Mientras los medios de comunicación y la clase política se empeñan en inflar el fantasma de la okupación, la realidad de la vivienda en Cantabria y en el resto del Estado es bien distinta. La Plataforma de Afectados por la Hipoteca (PAH) de Santander-Cantabria denuncia la manipulación del debate público: mientras los grandes titulares criminalizan a quienes buscan un techo donde vivir, miles de familias son expulsadas de sus casas por la especulación inmobiliaria y el descontrol de los precios del alquiler.
El «grave» problema de la vivienda en Cantabria no proviene de la okupación, sino de los niveles de alquiler inasumibles.
La PAH señala que el «grave» problema de la vivienda en Cantabria no es la okupación, sino los niveles de alquiler inasumibles. Menos del 0,0006% de las viviendas en el Estado están en procesos judiciales por okupación, y el 95% de esos casos afectan a inmuebles vacíos en manos de bancos y fondos buitre. En Cantabria, se estima que hay alrededor de 50.000 viviendas vacías frente a las 57 okupaciones registradas por el gobierno autonómico, que en su mayoría afectan a edificios abandonados con orden de derribo. Con casi 40 desahucios por cada caso de okupación denunciado, la falta de relación entre deshaucios y okupación es evidente.
A pesar de estas cifras, los titulares de prensa y voceros oficiales, continúan alarmando a la población con la ‘inquiokupación’, el supuesto peligro para la «seguridad» y la «usurpación» de viviendas, mientras ocultan las verdaderas causas de la crisis habitacional: la especulación inmobiliaria, la proliferación de viviendas turísticas (Cantabria es la tercera comunidad autónoma con más porcentaje de vivienda turística, solo superada por Baleares y Canarias) y la ausencia de una política efectiva de vivienda pública.
Las familias deben elegir entre pagar la renta o la comida
Para muchas familias, los alquileres son inasumibles. La precariedad obliga a elegir entre pagar el techo o la comida, mientras los jóvenes ven imposible su emancipación por los precios desorbitados.
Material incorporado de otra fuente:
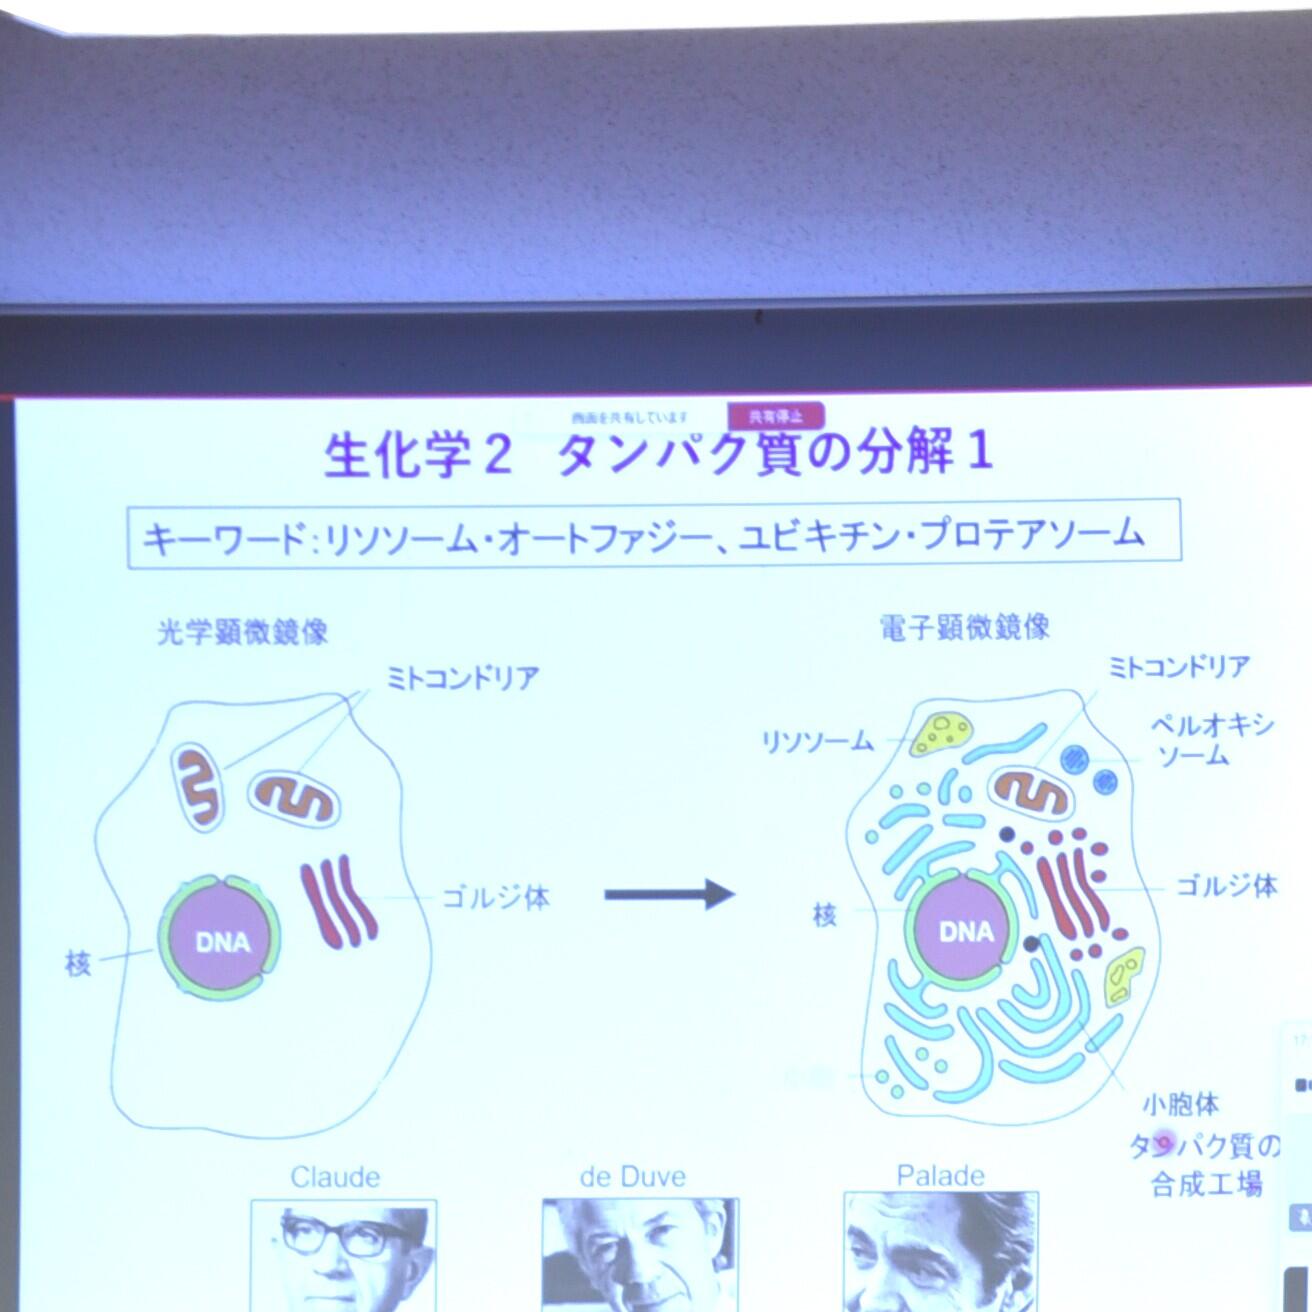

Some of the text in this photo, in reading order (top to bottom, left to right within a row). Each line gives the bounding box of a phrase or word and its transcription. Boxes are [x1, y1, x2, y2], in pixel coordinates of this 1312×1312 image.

[324, 429, 512, 479] 生化学2
[157, 617, 328, 647] 光学顕微鏡像
[879, 611, 1050, 643] 電子顕微鏡像
[388, 663, 540, 692] ミトコンドリア
[1110, 653, 1251, 680] ミトコンドリア
[1151, 712, 1275, 739] ペルオキシ
[763, 728, 875, 755] リソソーム
[1159, 743, 1231, 769] ソーム
[443, 883, 551, 912] ゴルジ体
[1177, 872, 1278, 899] ゴルジ体
[812, 901, 837, 928] 核
[196, 931, 252, 953] DNA
[939, 919, 995, 943] DNA
[64, 949, 92, 978] 核
[1142, 1090, 1220, 1117] 小胞体
[290, 1164, 381, 1189] Claude
[579, 1164, 687, 1188] de Duve
[897, 1163, 986, 1187] Palade
[1150, 1168, 1264, 1198] 合成工場
Frente a esta situación, numerosos colectivos llevan años exigiendo medidas como el control del precio del alquiler, la movilización de viviendas vacías y la regulación de la vivienda turística, que dispara los precios y vacía los barrios de su gente.
Sin embargo, el Gobierno de Cantabria sigue la hoja de ruta del capital. El consejero de Fomento y Vivienda, Roberto Media, ya ha dejado claro que la comunidad no aplicará la declaración de zonas tensionadas recogida en la Ley de Vivienda estatal. En su lugar, piden «más inversión» en vivienda pública, pero sin tocar los intereses de los grandes propietarios ni poner freno a la especulación.
El negocio de la vivienda sigue intacto mientras se criminaliza a quienes intentan sobrevivir. La narrativa del «okupa malo» no es más que una cortina de humo para desviar la atención de los verdaderos responsables de esta crisis: bancos, fondos de inversión y gobiernos cómplices que permiten que la vivienda, un derecho básico, siga siendo una mercancía. La solución no es más represión, sino organización y lucha para arrebatarles lo que nos pertenece.